Peter and the Starcatcher

Photos by Eric Chazankin


(This guest post is by my colleague, Crissi Langwell, who describes herself as “an avid fan of anything related to Peter Pan.” Crissi is an online content producer at the Press Democrat and the book blogger at RD)

There’s magic in Spreckels Theatre Company’s production of “Peter and the Starcatcher.” The Tony award-winning play by Rick Elice (screenwriter of the movie, “Jersey Boys”), based on the similarly-named novel by Dave Barry and Ridley Pearson, utilizes a small cast of characters in this local production to tell a big story of pirates, magic and how Peter Pan came to be.

Small is the operative word. The performance is held in the Bette Condiotti Theater at Spreckels Performing Arts Center, the smallest theater in the building, while a cast of 11 actors takes on more than a hundred characters. However, this tiny stage is what adds to the magic of the story. Performed in such an intimate setting, the audience becomes a part of the play as the actors bring the story to life. The stage is easily believed to be two dueling ships, a tumultuous ocean and a mystical island filled with mermaids, natives and a ticking crocodile.

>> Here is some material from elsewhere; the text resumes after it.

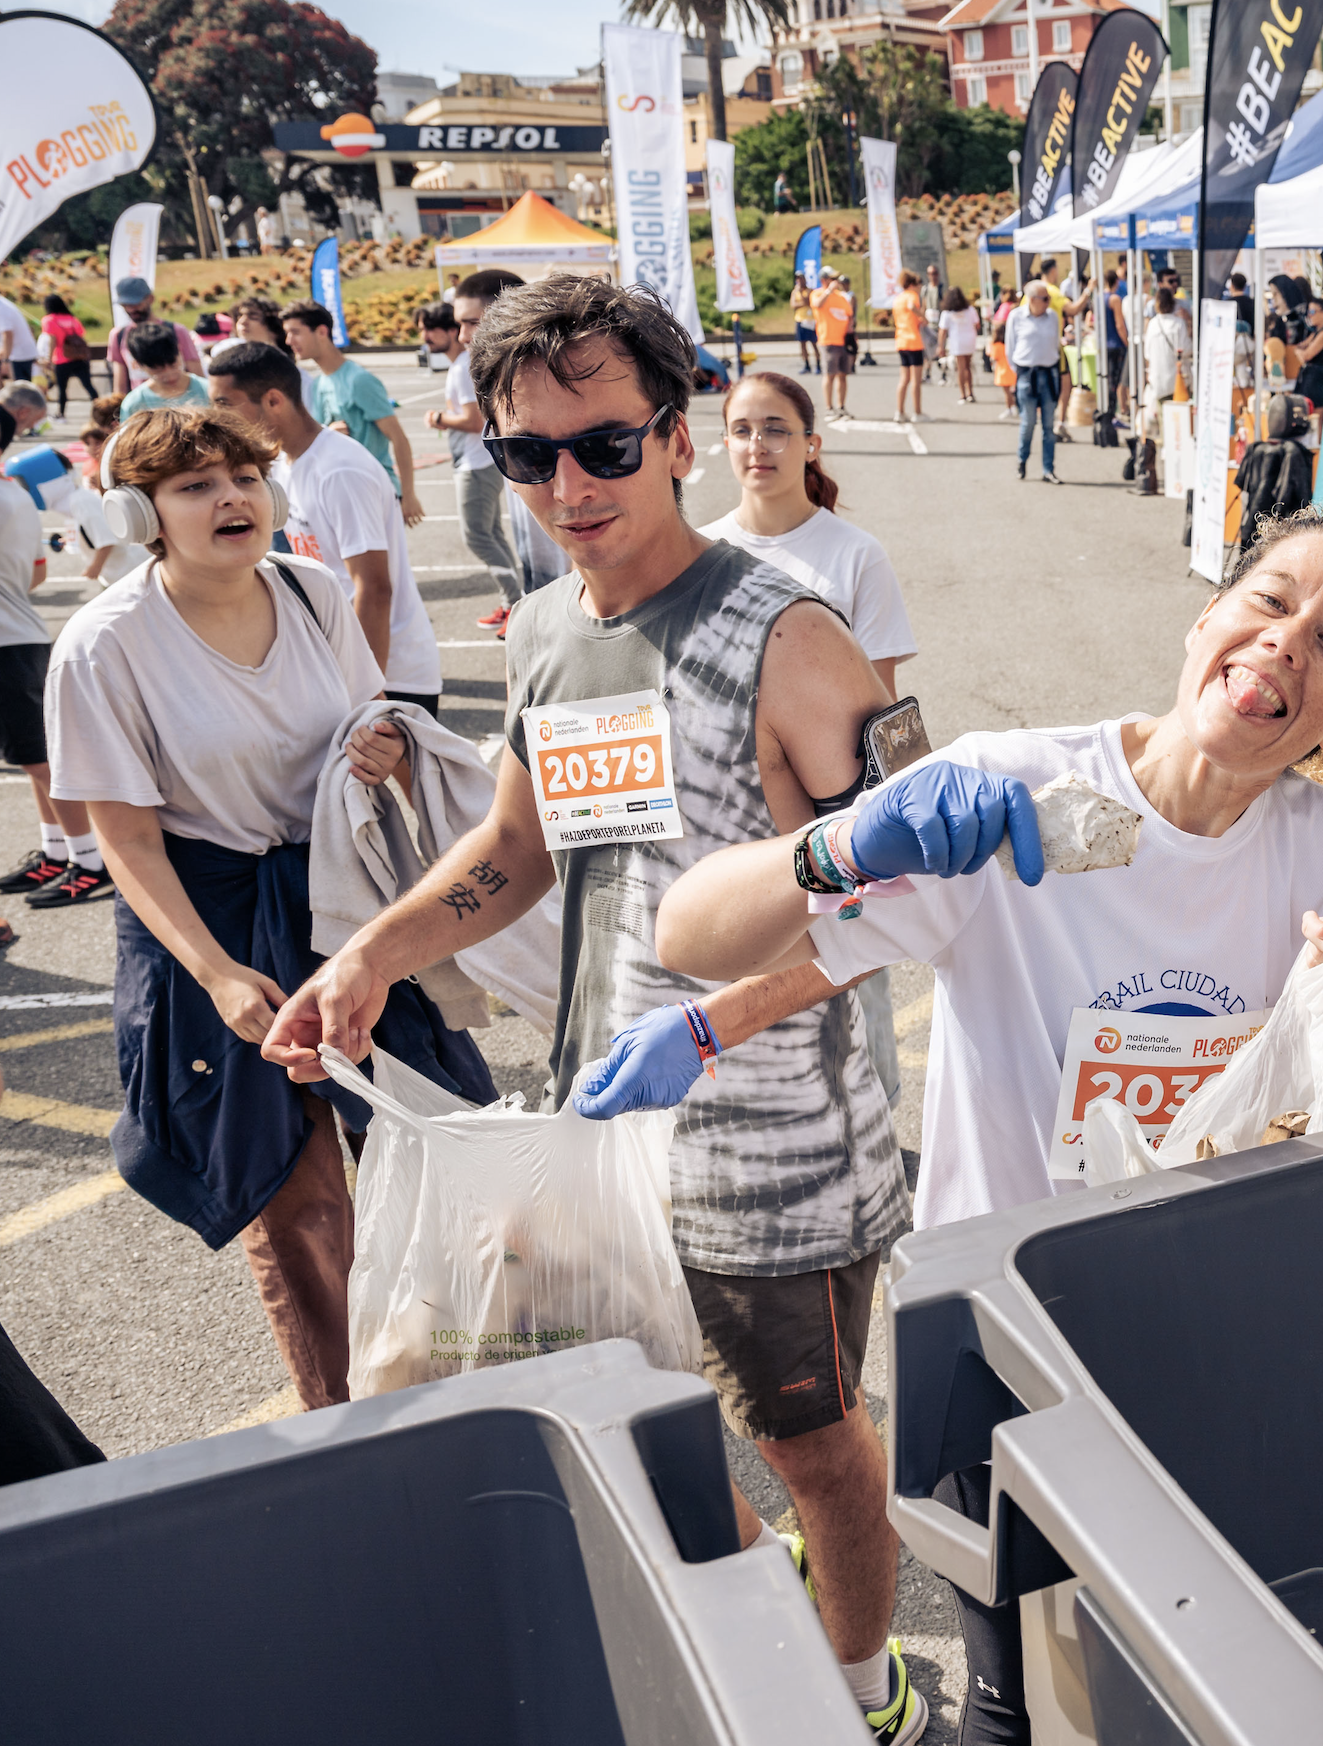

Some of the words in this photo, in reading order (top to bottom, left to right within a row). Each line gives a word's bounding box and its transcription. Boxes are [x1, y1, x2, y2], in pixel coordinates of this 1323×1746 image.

Peter and the Starcatcher“Peter and the Starcatcher” is the prequel story to the Peter Pan story we all learned in our childhood. Taking place in the time before Neverland was an island, the play begins at port before two ships — the Wasp and the Neverland — are to embark on a voyage to the remote kingdom of Rundoon. Both of these ships are to carry a special trunk. One is a trunk full of starstuff, a magical substance that can fulfill dreams. The other trunk is a decoy filled with sand. The starstuff is to travel aboard the Wasp, the fastest boat in the ocean, with Lord Aster, a starcatcher appointed by the queen to be the trunk’s custodian. The decoy is to travel aboard the Neverland, a much slower vessel, with a crew of British Navy seamen, three orphans and Lord Aster’s daughter, Molly. However, the trunks are swapped unbeknownst to the starcatcher, and the starstuff is now aboard the Neverland with the 13-year-old Molly as its protector. This proves to be beneficial, however, when it’s discovered that the Wasp has been overtaken by pirates, led by the sinister Black Stache. When the truth of the swapped trunks comes to light, the voyage becomes a battle as those aboard both ships fight for the coveted starstuff, and an array of magical incidents ensues.

This prequel story offers explanation to a few key details of J.M. Barrie’s original story of Peter Pan. We learn about the magical beginning of Neverland, the island. We learn how Peter Pan transformed from a nameless orphan to the leader of the Lost Boys. We even learn how mermaids and fairies came to be.

Director David L. Yen’s vision for this Tony award-winning play is played out brilliantly by Spreckel’s Theatre Company, along with live music by Lucas Sherman and Quinten Cohen. Larry Williams portrays a playfully evil Black Stache, playing to the audience with entertaining sneers and asides. Molly’s nanny, Mrs. Bumbrake, is one of the highlights of the story with her unique presentation. Denise Elia-Yen as Molly captures the innocence and determination of a 13-year-old with a solid mission. Each actor gives a strong performance, pairing song and dance with witty storytelling, and capturing the crowd from opening to close. The story plays to an audience of children and adults alike, with a few surprises that will entertain all.

Peter and the Starcatcher“Peter and the Starcatcher” continues at Spreckels Performing Arts Center (5409 Snyder Lane, Rohnert Park) through Dec. 18. Performances are 8 p.m. Fridays and Saturdays, 2 p.m. Sundays and a 7:30 p.m. performance on Thursday, Dec. 15.

Tickets are $16 for children 12 and under, $22 for students, $25 for seniors and youth, and $26 general admission. SSU and SRJC students can also purchase $12 tickets 10 minutes before curtain of any performance.